A quinta parada não podia ser diferente, abordando o assassinato brutal da rua Voluntários da Pátria, conhecido como “O assassinato de João dos Reis,” que reflete a situação atual da sociedade. A sexta parada fala sobre a Pompas Fúnebres Moreira Lopes, conhecida por ser a funerária mais antiga do Brasil. Seu prédio exibe uma autêntica arquitetura Art Nouveau encantadora, e sua localização no Centro Histórico adiciona um toque especial, proporcionando uma atmosfera única.
Dando espaço para a sétima parada, podemos dizer que é a mais temida por todos que passam por ela, seja de dia ou de noite: a “praça dos enforcados”, também conhecida como a praça dos suicidas, nos arredores da rua Professor Doutor Araújo. E, por fim, os túneis subterrâneos da antiga cervejaria Ritter, construída em 1880, onde são abordados temas esotéricos que envolvem o movimento filosófico Rosa Cruz do século XVII.
De acordo com Nikolas, a importância cultural que o tour pode proporcionar para quem participa é sair do convencional e mostrar o lado mais irreverente que a cidade possui.

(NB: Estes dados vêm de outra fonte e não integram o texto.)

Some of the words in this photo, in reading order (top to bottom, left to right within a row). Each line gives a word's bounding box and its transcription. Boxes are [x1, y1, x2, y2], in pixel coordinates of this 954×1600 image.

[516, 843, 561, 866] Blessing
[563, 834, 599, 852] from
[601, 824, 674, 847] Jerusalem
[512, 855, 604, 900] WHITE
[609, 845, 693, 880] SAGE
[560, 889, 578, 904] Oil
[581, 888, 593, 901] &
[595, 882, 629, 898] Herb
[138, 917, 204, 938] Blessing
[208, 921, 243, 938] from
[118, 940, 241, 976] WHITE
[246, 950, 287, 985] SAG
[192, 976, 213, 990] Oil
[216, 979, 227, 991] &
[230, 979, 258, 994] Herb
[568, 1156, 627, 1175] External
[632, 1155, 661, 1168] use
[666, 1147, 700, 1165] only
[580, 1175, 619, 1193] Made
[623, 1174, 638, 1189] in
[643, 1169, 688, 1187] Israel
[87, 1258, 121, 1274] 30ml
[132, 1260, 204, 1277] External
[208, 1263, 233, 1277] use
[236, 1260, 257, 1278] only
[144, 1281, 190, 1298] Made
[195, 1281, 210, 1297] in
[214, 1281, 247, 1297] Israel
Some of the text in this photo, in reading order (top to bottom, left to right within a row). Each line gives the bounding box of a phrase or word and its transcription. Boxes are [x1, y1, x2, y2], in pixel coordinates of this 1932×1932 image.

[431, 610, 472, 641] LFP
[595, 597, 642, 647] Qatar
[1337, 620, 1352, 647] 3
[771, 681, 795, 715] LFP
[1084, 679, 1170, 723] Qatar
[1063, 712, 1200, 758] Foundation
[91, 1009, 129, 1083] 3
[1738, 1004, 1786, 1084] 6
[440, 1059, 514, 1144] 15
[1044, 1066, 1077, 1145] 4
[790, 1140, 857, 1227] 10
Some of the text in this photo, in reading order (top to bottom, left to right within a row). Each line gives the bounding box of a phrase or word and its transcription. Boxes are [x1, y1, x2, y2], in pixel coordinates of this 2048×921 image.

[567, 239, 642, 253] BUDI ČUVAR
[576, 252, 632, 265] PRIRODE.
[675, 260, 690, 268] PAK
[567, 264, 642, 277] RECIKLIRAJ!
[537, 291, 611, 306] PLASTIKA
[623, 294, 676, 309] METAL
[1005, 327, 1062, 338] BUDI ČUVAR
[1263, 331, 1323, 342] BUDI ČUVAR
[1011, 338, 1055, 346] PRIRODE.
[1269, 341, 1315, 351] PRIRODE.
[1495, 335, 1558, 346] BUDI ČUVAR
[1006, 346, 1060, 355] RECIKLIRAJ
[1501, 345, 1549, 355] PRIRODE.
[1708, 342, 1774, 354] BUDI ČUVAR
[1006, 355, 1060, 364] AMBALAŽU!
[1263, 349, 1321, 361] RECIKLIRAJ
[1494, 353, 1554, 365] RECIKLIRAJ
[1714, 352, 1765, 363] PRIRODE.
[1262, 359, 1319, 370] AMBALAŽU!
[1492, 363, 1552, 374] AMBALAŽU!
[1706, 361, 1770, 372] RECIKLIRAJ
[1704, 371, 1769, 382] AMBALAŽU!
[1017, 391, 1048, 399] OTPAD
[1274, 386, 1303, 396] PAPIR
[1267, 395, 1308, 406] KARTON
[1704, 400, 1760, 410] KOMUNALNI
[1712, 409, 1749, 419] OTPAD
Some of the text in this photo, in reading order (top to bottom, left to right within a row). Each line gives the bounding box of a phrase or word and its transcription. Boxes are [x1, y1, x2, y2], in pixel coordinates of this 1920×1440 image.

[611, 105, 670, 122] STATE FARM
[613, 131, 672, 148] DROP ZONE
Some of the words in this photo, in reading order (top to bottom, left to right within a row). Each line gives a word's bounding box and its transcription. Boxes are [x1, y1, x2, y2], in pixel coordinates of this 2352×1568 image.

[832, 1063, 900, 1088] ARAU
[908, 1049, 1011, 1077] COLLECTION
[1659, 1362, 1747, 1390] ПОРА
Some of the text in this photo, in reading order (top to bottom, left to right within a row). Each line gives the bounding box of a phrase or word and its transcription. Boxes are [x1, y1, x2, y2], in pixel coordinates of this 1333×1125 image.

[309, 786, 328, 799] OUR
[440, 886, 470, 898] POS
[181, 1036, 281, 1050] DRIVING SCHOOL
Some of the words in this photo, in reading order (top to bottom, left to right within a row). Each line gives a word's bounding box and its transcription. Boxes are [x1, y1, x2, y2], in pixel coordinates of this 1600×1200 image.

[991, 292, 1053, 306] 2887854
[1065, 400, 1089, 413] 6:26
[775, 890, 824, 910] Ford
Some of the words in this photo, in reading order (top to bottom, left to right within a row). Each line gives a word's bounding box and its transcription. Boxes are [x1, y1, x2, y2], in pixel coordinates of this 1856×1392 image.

“Quando desenvolvemos o tour, nunca imaginamos chegar onde chegamos. Sem posts patrocinados, sem anúncios pagos, tudo foi feito por divulgação orgânica. Isso é muito bom, indica que estamos no caminho certo e pouco explorado. Nossa ideia sempre foi mostrar uma Pelotas diferente da que estamos acostumados. Nossa cidade tem muita história e muitos problemas mal resolvidos. Então partimos dessa ideia e conseguimos alcançar muitas pessoas,” diz Nikolas.
Sobre o planejamento da produção e apuração das histórias, Nikolas relatou que todo o processo é baseado em estudos e pesquisas sólidas. “Eu estudo a história de Pelotas há mais de 10 anos, e tenho um catálogo muito variado de lendas, crimes e mistérios. Ano passado (2023), quando começamos a estruturar o passeio, queríamos algo coeso e possível de ser feito a pé. Então, listamos os pontos e avaliamos quais eram relevantes para o trajeto como um todo. Acredito que nosso passeio tem um início, meio e fim bem definidos. Ao longo do tour, resgatamos conceitos que já foram desenvolvidos em outros pontos.”
A fascinação pelas histórias permeia o passeio para aqueles que participam pela primeira vez. Pensando nisso, Nikolas também falou sobre o mistério favorito que mais gostou de produzir para o tour. “Gosto bastante dos mistérios sem solução. Acho muito interessante a lenda da Cigana Terena e do Homem do Chapéu Cinzento. Mas meu favorito é o que falamos sobre João dos Reis. Trata-se de um tema ainda muito complicado para nós, um reflexo da sociedade do século XIX que ainda persiste. Um crime com aquela brutalidade é algo aterrorizante até hoje,” conclui Nikolas.